The results of a  $32 \times 32$  image encoding simulation are shown in Figure 7. The first column denotes which model was examined. The second column shows the results of simulation in which estimations based on area and assembly code execution were used. The third column shows the simulation results using the characterization method described in this paper. Notice that the estimated results have an average difference of **35.5% with a max of 52%** while the characterized results have an average difference of **8.3%**. This is a significant indication of the importance of our method. In addition, the fifth column shows the rank ordering for the real, characterized, and estimated cycle results respectively. Notice that the estimated ranking does not match that of the real ordering! Even though the accuracy discrepancy is significant, it is equally (if not *more*) significant that the **overall fidelity of the estimated systems is different**. Finally the maximum frequency according to the synthesis reports, the execution time (cycles \* period), and area values are shown. This confirms that while one might be tempted to evaluate only the cycle counts, it is important to understand the physical constraints of the system only available with characterized information.

## 5. CONCLUSION

By leveraging the properties of a platform-based design environment such as METROPOLIS and of highly-programmable rich Platforms such as the Xilinx Virtex II Pro, we created a scalable, modular, accurate, and efficient System Level Design environment. Key to this process is the creation of synthetic models of real architecture configurations, precharacterizing these, and integrating them efficiently into the simulation environment. As designs become more complex and time-to-market pressure increases, a design flow utilizing these techniques has a clear advantage over other approaches to design space exploration via simulation.
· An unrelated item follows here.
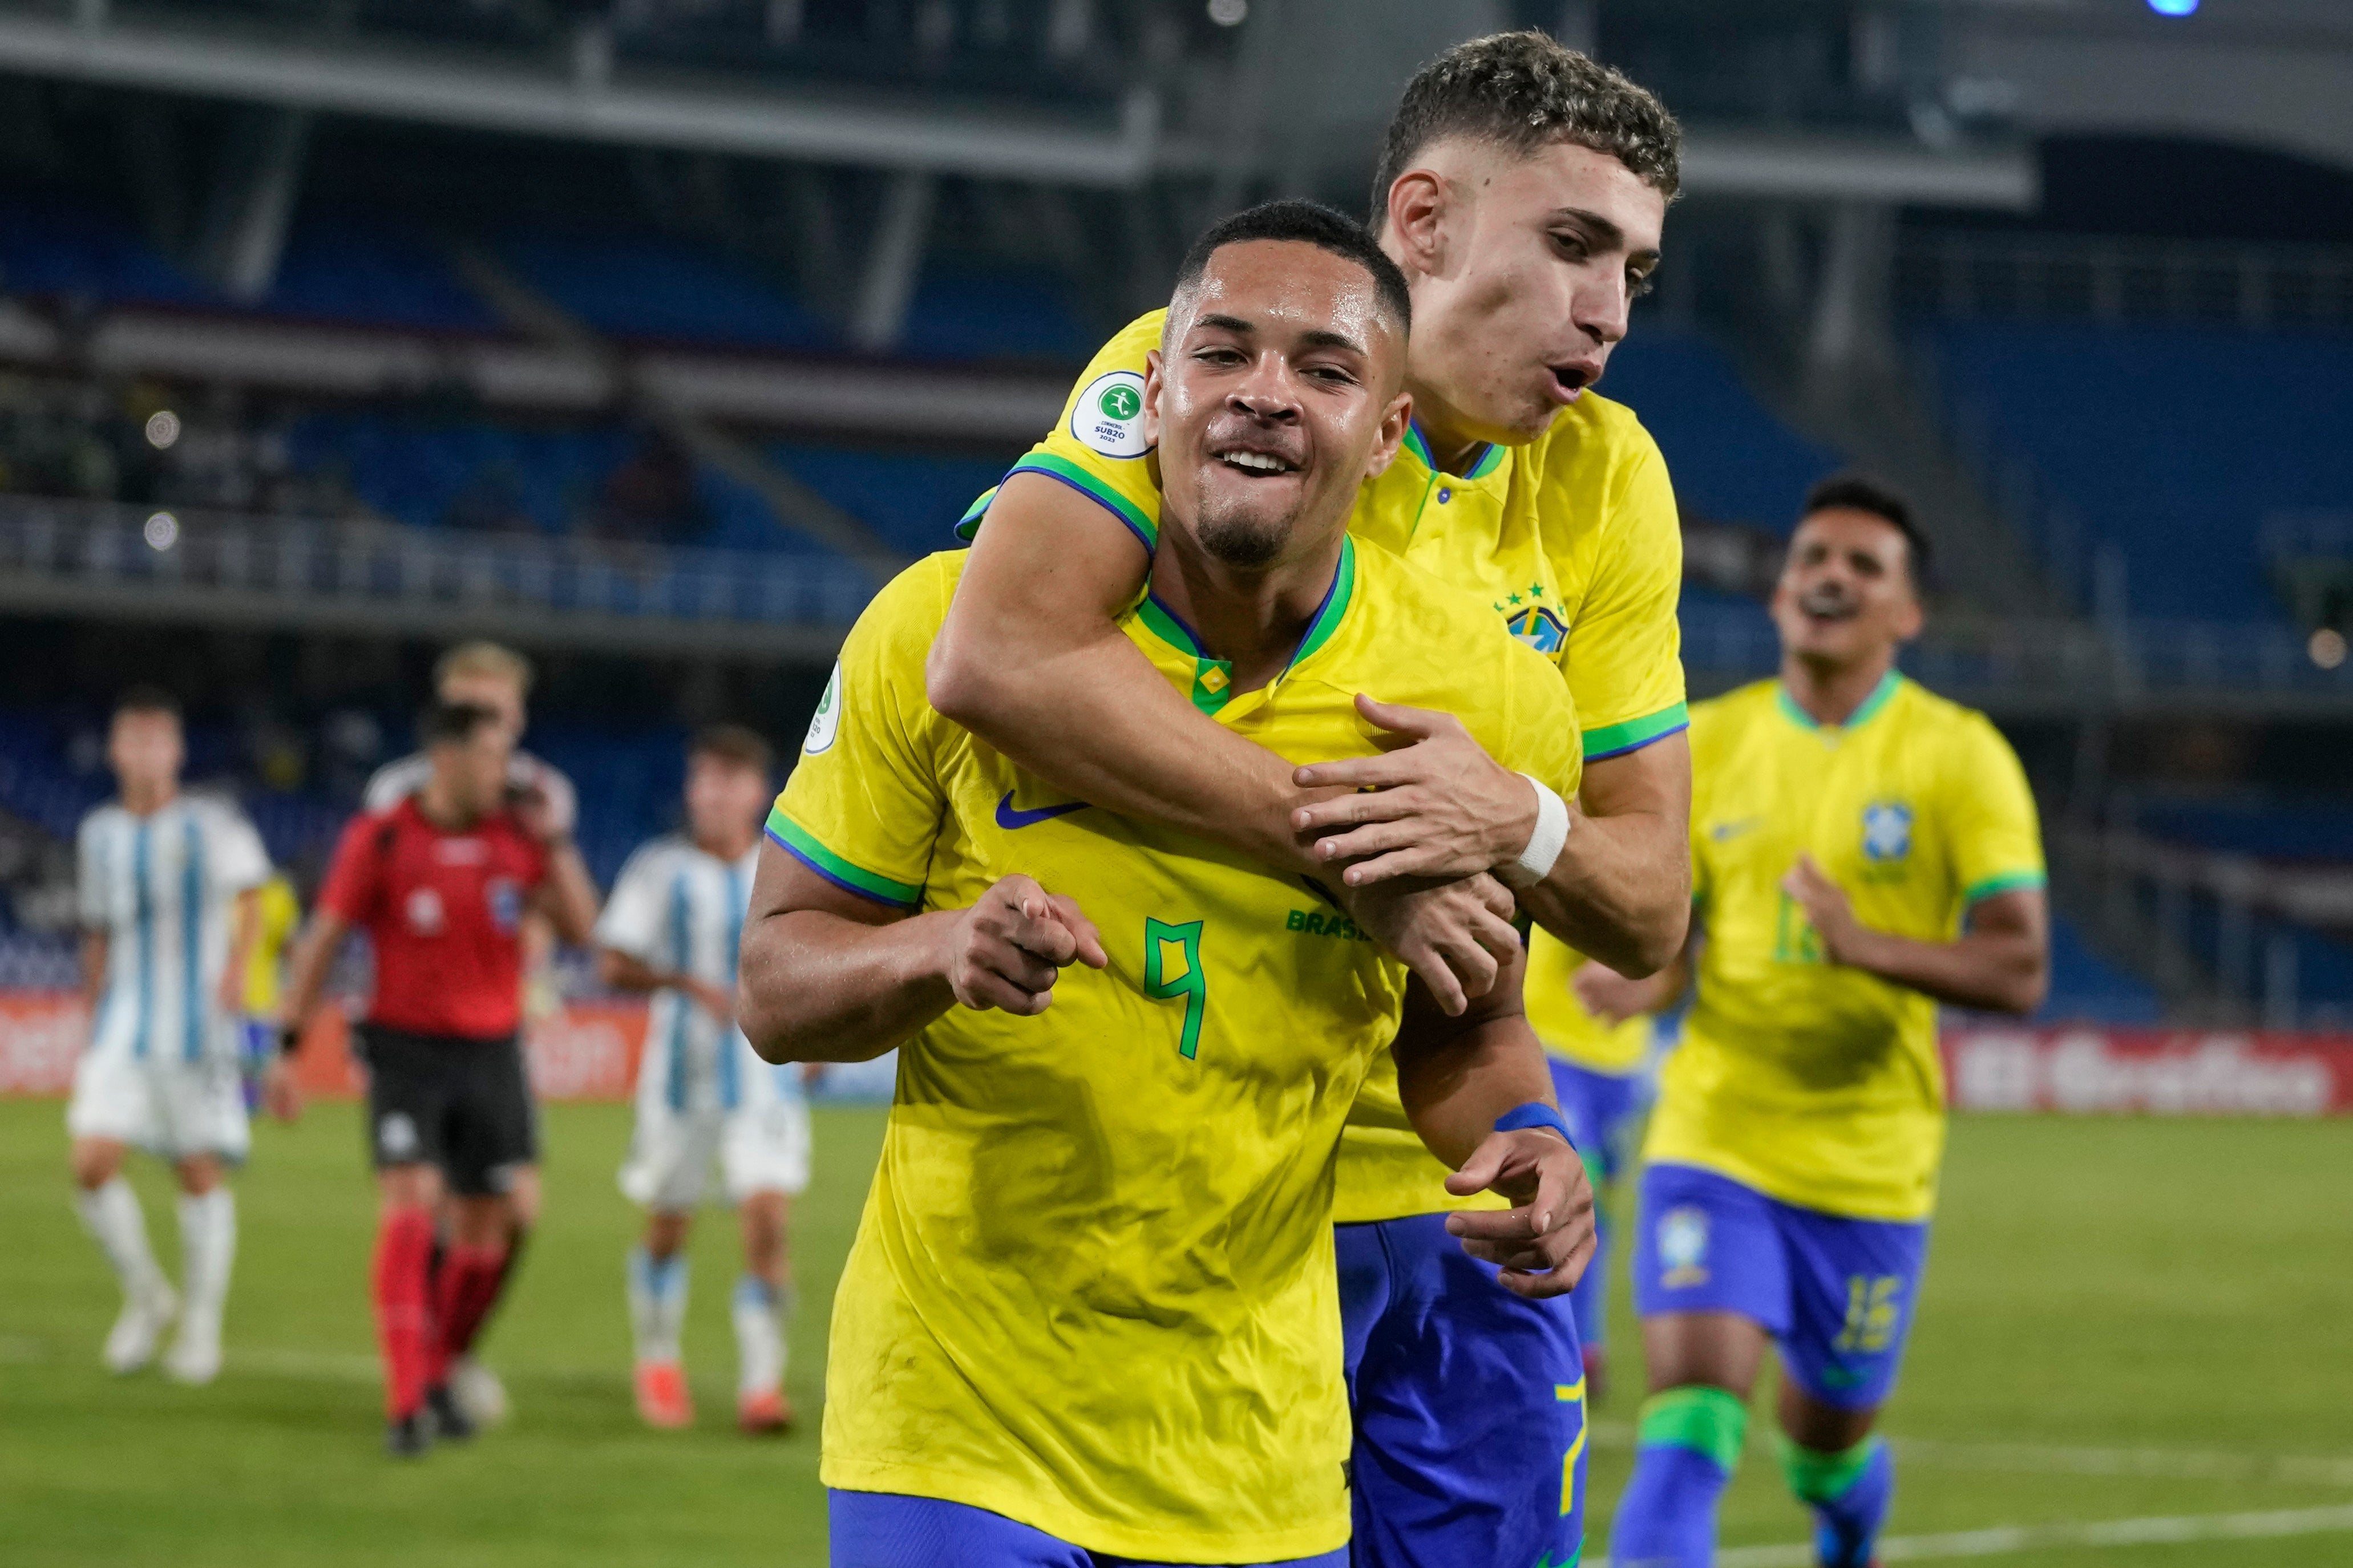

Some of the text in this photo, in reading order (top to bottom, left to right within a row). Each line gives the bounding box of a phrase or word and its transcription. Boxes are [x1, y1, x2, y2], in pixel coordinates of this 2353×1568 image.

Future work in this area includes the analysis of *fidelity* in our approach especially when more complex architecture and functional models are considered. Our fidelity analysis at this point is based on experimental evidence. We are planning to analyze this property in detail to see whether some theoretical results can be derived. In addition, various levels of modeling abstraction will be investigated analyzing *fidelity's* relationship to accuracy.

#### 6. **REFERENCES**

- F. Balarin, H. Hsieh, L. Lavagno, C. Passerone, A. Sangiovanni-Vincentelli, and Y. Watanabe. Metropolis: An Integrated Environment for Electronic System Design. *IEEE Computer*, April 2003.
- [2] A. Davare, D. Densmore, V. Shah, and H. Zeng. A Simple Case Study in Metropolis. Technical Memorandum UCB/ERL M04/37, University of California, Berkeley, CA 94720, September 2004.
- D. Densmore. Metropolis Architecture Refinement Styles and Methodology. Technical Report UCB/ERL M04/36, University of California, Berkeley, September 2004.
- [4] D. Densmore, S. Rekhi, and A. Sangiovanni-Vincentelli. Microarchitecture Development via Metropolis Successive Platform Refinement. In *Design Automation and Test Europe* (*DATE*), February 2004.
- [5] A. Donlin. Transaction Level Modeling: Flows and Use Models. In International Conference on Hardware/Software Codesign and System Synthesis (CODES+ISSS'04), 2004.
- [6] K. Keutzer, S. Malik, A. R. Newton, J. Rabaey, and A. Sangiovanni-Vincentelli. System Level Design: Orthogonalization of Concerns and Platform-Based Design. *IEEE Transactions on Computer-Aided Design*, Dec. 2000.
- [7] A. E. Lee and A. Sangiovanni-Vincentelli. A Framework for Comparing Models of Computation. *IEEE Transactions on CAD*, Vol. 17, No. 12, June 1998.
- [8] T. M. P. Team. The Metropolis Meta Model Version 0.4. Technical Report UCB/ERL M04/38, University of California, Berkeley, September 2004.
- [9] G. Wallace. The JPEG Still Picture Transmission Standard. Communications of the ACM, pages 30–34, April 1991.